As far as progress is concerned, I have written about half as many words in the book as I have in this blog so far: about 9000. The funny thing is that in this story of ours, after that many words, we are only approaching our wedding, so roughly two out of 17 years. If you have been reading the blog and know how much content is here, then you realize that this might be a LONG book. I decided to tell about our life together and even a bit before we met, to help readers understand the context of where I was coming from when we met.
Heidi always says I was "homeless" when we met, which makes for a funny story, and is true in a way. I was not homeless in the sense that I was living under a cardboard box somewhere, but I didn't have a place to call my own because I had recently moved out from living with someone and had not found a roommate or a place of my own yet. I was bouncing between the apartments of some of my beach volleyball buddies and that was good enough for me for then. Anyways, I'll leave the rest for the story.
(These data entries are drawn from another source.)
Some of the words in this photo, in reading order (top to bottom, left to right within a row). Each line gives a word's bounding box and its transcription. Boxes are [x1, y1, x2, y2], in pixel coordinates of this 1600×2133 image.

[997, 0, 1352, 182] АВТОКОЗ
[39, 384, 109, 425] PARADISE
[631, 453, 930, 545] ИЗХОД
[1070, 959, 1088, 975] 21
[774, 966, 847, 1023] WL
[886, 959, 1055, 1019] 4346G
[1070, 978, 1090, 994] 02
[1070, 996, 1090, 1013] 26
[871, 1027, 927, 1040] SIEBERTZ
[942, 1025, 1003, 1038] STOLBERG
I do want to tell you the name of the book and explain it. The book will be called "My Finder's Keeper." The name came to me in a dream one night, or at least I woke up with it in my head In so many ways, H is my Finder. I have always been a wandering spirit in many ways and was somewhat lost when we met. My direction in life was set when she found me. That doesn't mean that I knew what I would "be" in that moment but just that I had found a purpose when she found me. We have been defining that purpose ever since, yet the definition is not finished and the story is not over...
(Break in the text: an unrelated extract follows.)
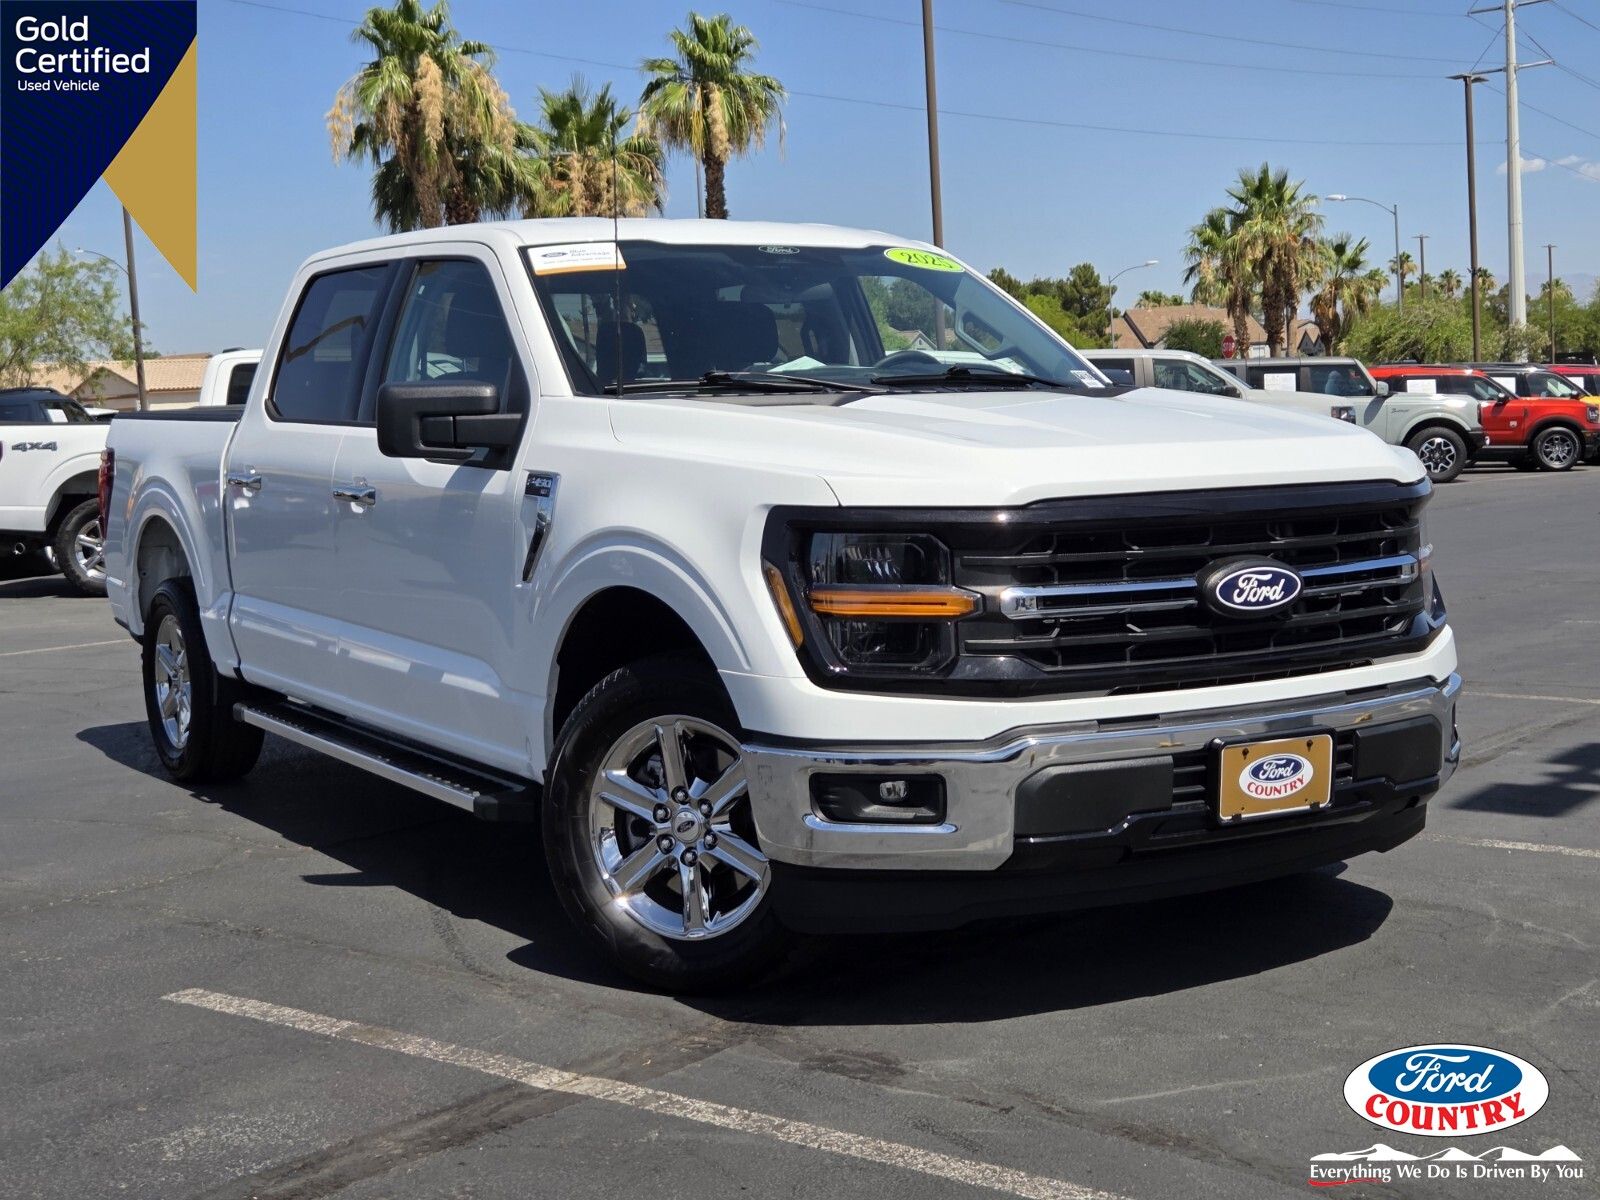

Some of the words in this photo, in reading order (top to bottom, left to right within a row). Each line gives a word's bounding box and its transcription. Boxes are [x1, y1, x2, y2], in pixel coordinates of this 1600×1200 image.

[900, 251, 953, 269] 2025
[1232, 573, 1286, 604] Ford
[1259, 759, 1295, 781] Ford
[1247, 774, 1306, 798] COUNTRY
As our life together has progressed, we have gone through so many stages of relative care and contribution to our relationship, but the bottom line is that now, I am her Keeper. It is my job, 100% to take care of her. She would not have it this way in a million years if she had a choice. In fact, she would be taking care of other people...our daughters, me, our friends, anyone that asked, really. It hurts her to not be able to do that, and to be the one that needs to be cared for. It is shockingly the opposite of perfect.
It also took me a while to understand that this was fully my responsibility. It is. There is so much help that we have, but no one can do what I do, nobody can replace who I am in this house, and I have to make sure everything is taken care of. This is very poignant and heavy for me. It is awesome in both the best and the worst of ways. When you are a father, you already understand what it means to have someone depend on you 100%, so I get that. When you are a husband, you don't really expect to be the one that is 100% responsible for the well being and care of your wife. It is a shocker when it hits you.
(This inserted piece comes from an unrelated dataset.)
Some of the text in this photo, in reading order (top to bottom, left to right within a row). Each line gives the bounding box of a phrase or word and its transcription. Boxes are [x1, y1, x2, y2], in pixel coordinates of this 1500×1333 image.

But it is OK. As I've said before, the bucket never comes up empty when you drop it in the well with a wish for love. And Strength. Did I mention strength before? Do you know what the well is?
Anyhow, I'm very excited about writing. I have no idea how long it will take me, or how much detail I will put in the book. For now, I'm putting in as much as comes to me. The stories, even after 15 years or so are fresh in my mind, the details take on a life of their own as my fingers flow across the keyboard. Right now, I'm wondering if I can really publish everything I have even written so far.
As I mentioned, I've created a web site about the book here: http://www.myfinderskeeper.com
It's a simple site, but it's a start.
Did anyone see Airplane? There was this ridiculous scene where they were trying to get a heart to the Mayo Clinic and it was beating by itself all alone in an ice chest and then it starts bouncing around the Dr's office. Right now, my heart feels like the one beating in the ice chest all alone, but I put it out there for Heidi, for my girls, and for you.
Peace.
B.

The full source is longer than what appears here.